Differences in the hepatobiliary transport of two quinolone antibiotics, grepafloxacin and lomefloxacin, in the rat.

The biliary excretion of grepafloxacin (GPFX) was compared with that of lomefloxacin (LFLX) in rats. The biliary clearances (Cl(plasma)(bile)) of GPFX was 2.9 times greater than LFLX based on the plasma concentration reached during constant intravenous (i.v.) infusion. The liver-plasma unbound concentration ratio, K(pu), of GPFX (1.7) was also higher than that of LFLX (0.7).

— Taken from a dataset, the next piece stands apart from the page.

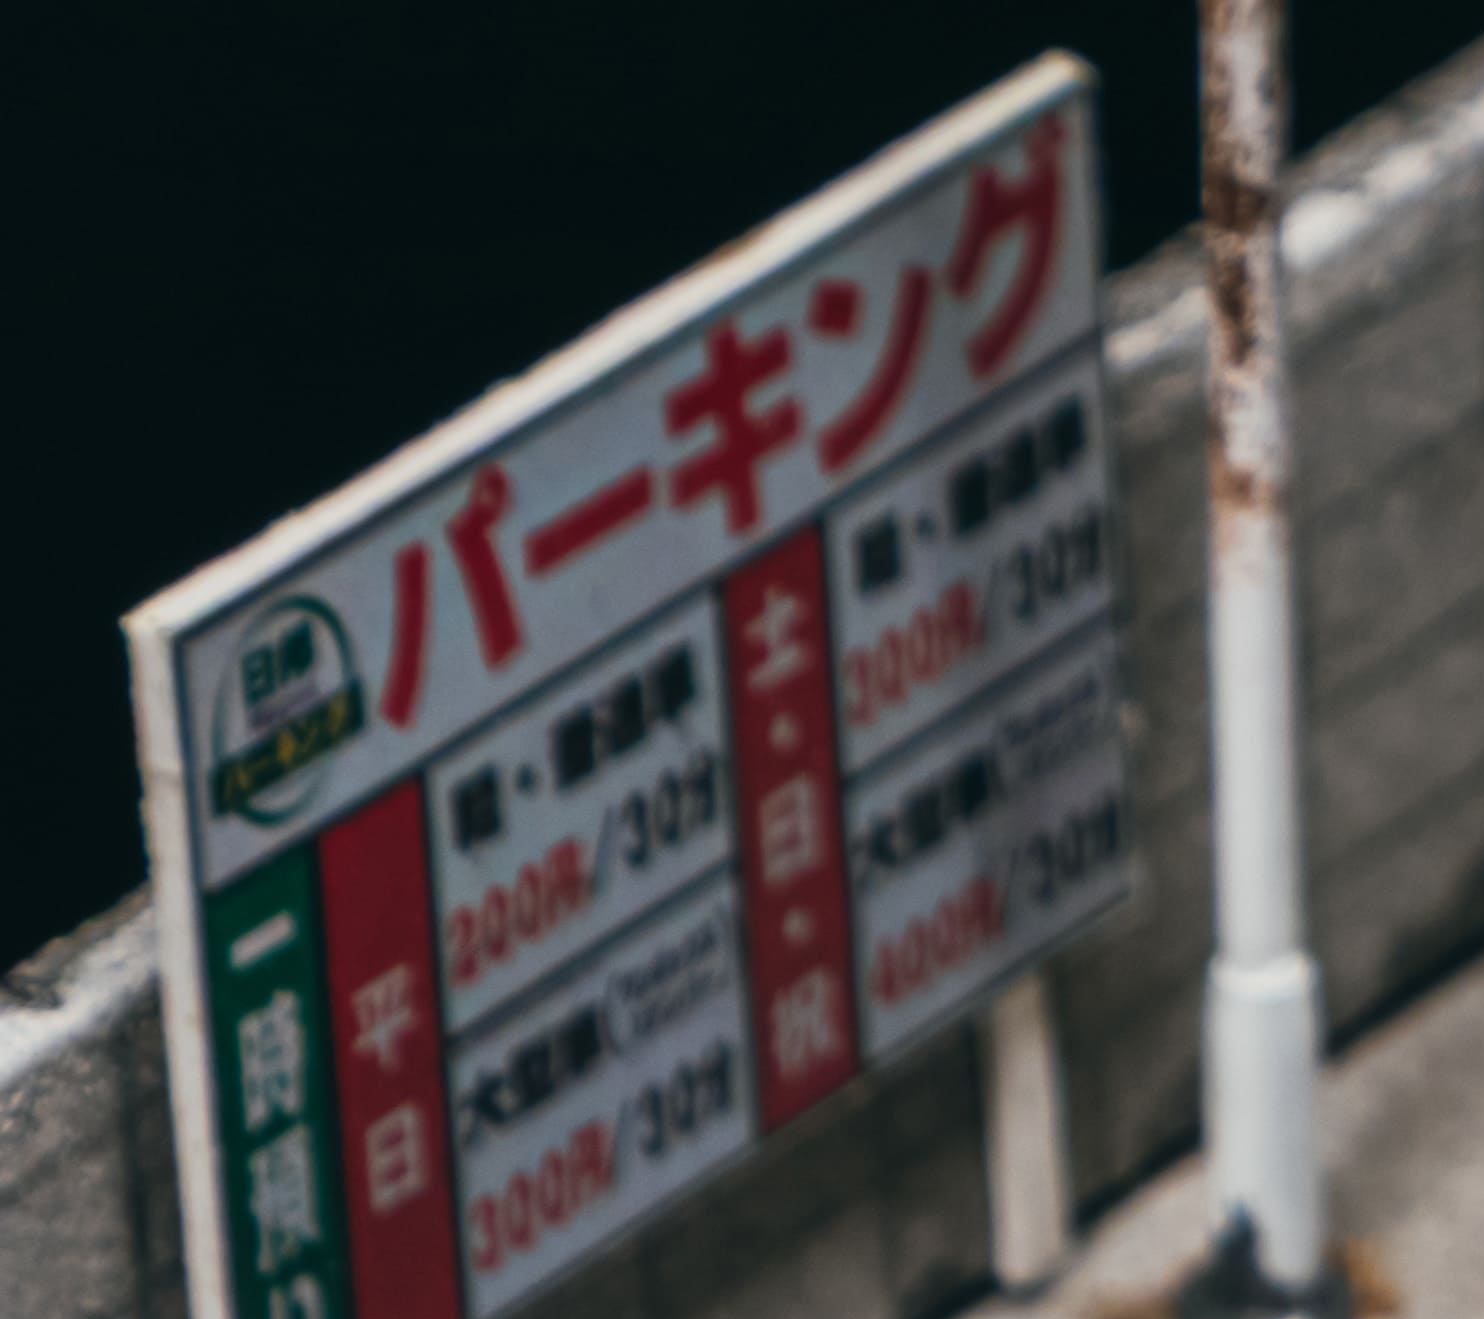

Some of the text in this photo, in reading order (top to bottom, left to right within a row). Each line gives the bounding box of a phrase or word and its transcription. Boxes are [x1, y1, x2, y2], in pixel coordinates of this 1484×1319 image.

[380, 112, 1068, 730] パーキング
[350, 962, 430, 1214] 平日

The hepatic uptake clearance, assessed from an integration plot analysis, of GPFX was comparable with the hepatic blood flow rate, and 1.5 times that of LFLX, indicating that membrane transport in the uptake process is more efficient for GPFX. This was also supported by the difference between the uptake clearance of GPFX and LFLX in isolated rat hepatocytes. The bile-liver unbound concentration ratio of GPFX and LFLX was approximately 6 and 3, respectively, and the biliary clearance based on the unbound liver concentration of GPFX was 1.8 times that of LFLX. These results suggest that the concentrative transport of GPFX also across the canalicular membrane was more efficient than that of LFLX. Thus, the membrane transport activity via both sinusoidal and canalicular membranes determines the net excretion of each compound.